**TASK TO COMPLETE:**
Below are records with pictures in them; print them exactly, omitting the pictures.

**DATASET EXTRACT:**
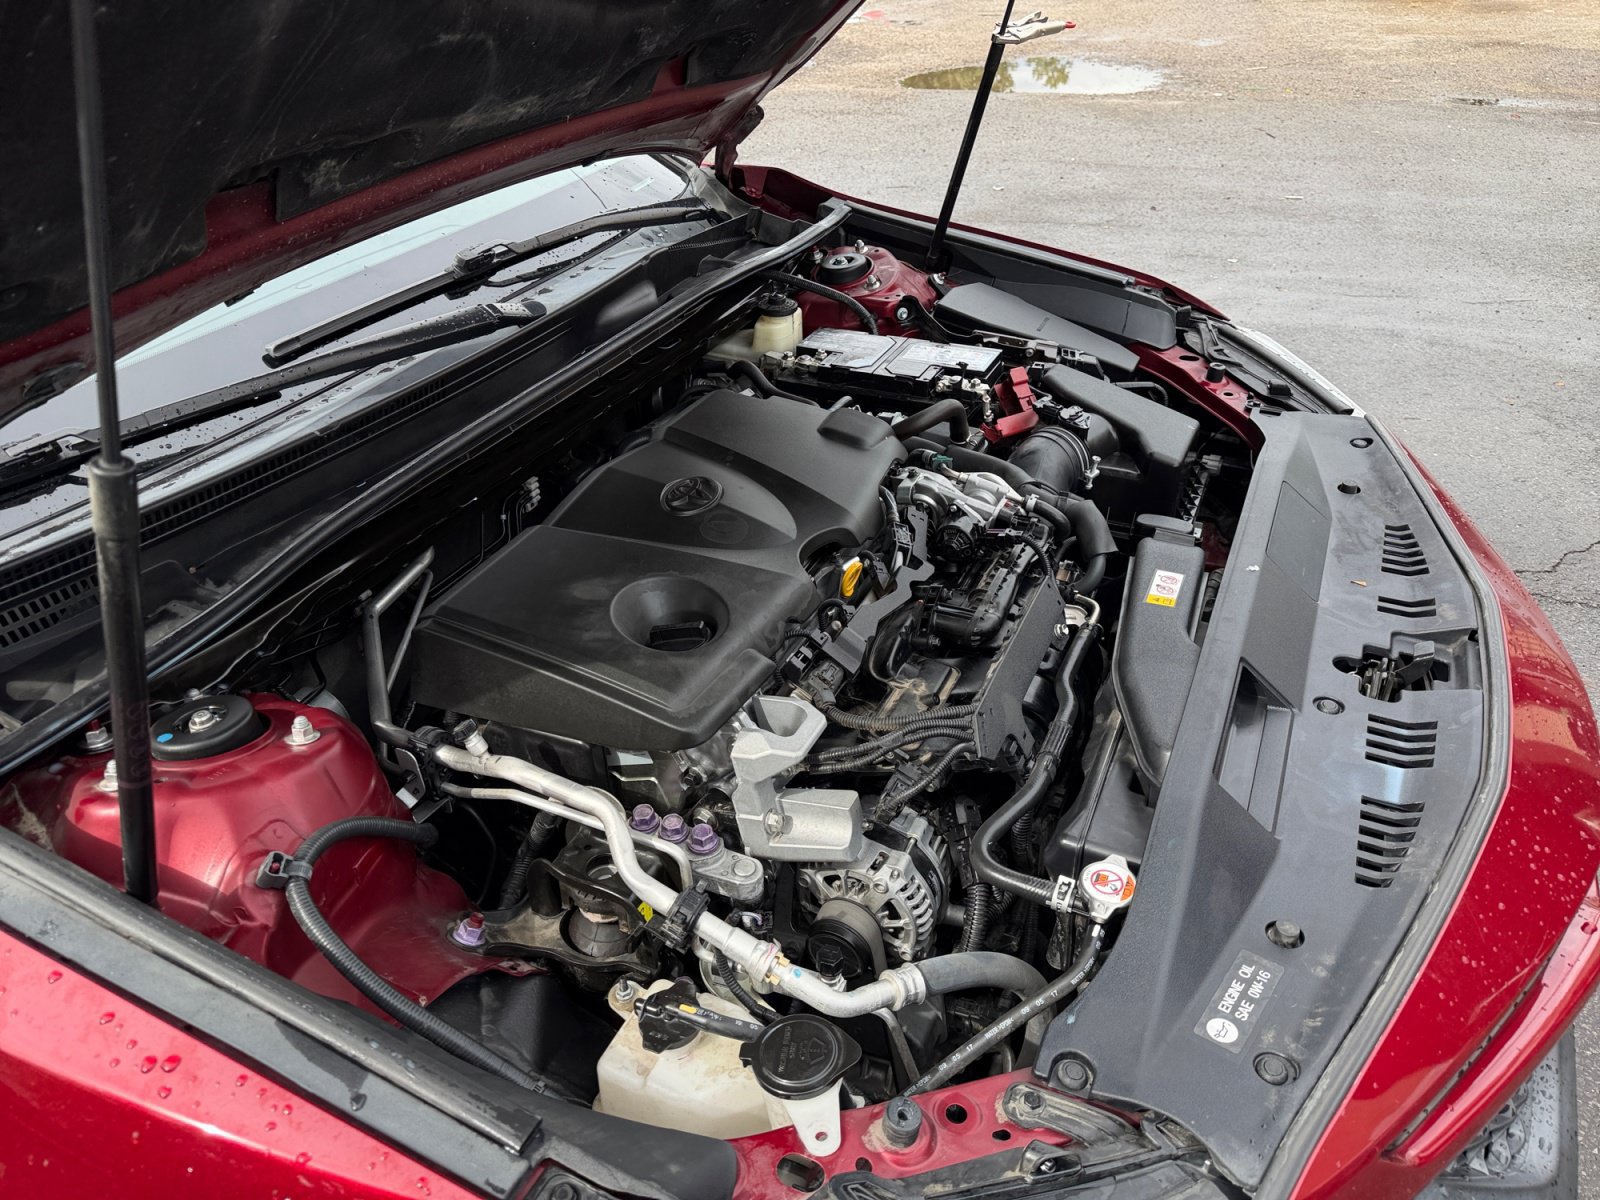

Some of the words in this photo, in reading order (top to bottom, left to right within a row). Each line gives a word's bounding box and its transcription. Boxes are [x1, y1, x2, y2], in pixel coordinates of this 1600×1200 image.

[1035, 998, 1045, 1007] 05
[1050, 989, 1058, 998] 17
[1217, 978, 1245, 1014] ENGINE
[1238, 964, 1256, 979] OIL
[1234, 999, 1255, 1021] SAE
[1247, 970, 1271, 999] 0W-16
[966, 1043, 974, 1052] 17

**ANSWER SECTION:**
Some of the words in this photo, in reading order (top to bottom, left to right within a row). Each line gives a word's bounding box and its transcription. Boxes are [x1, y1, x2, y2], in pixel coordinates of this 1600×1200 image.

[1035, 998, 1045, 1007] 05
[1050, 989, 1058, 998] 17
[1217, 978, 1245, 1014] ENGINE
[1238, 964, 1256, 979] OIL
[1234, 999, 1255, 1021] SAE
[1247, 970, 1271, 999] 0W-16
[966, 1043, 974, 1052] 17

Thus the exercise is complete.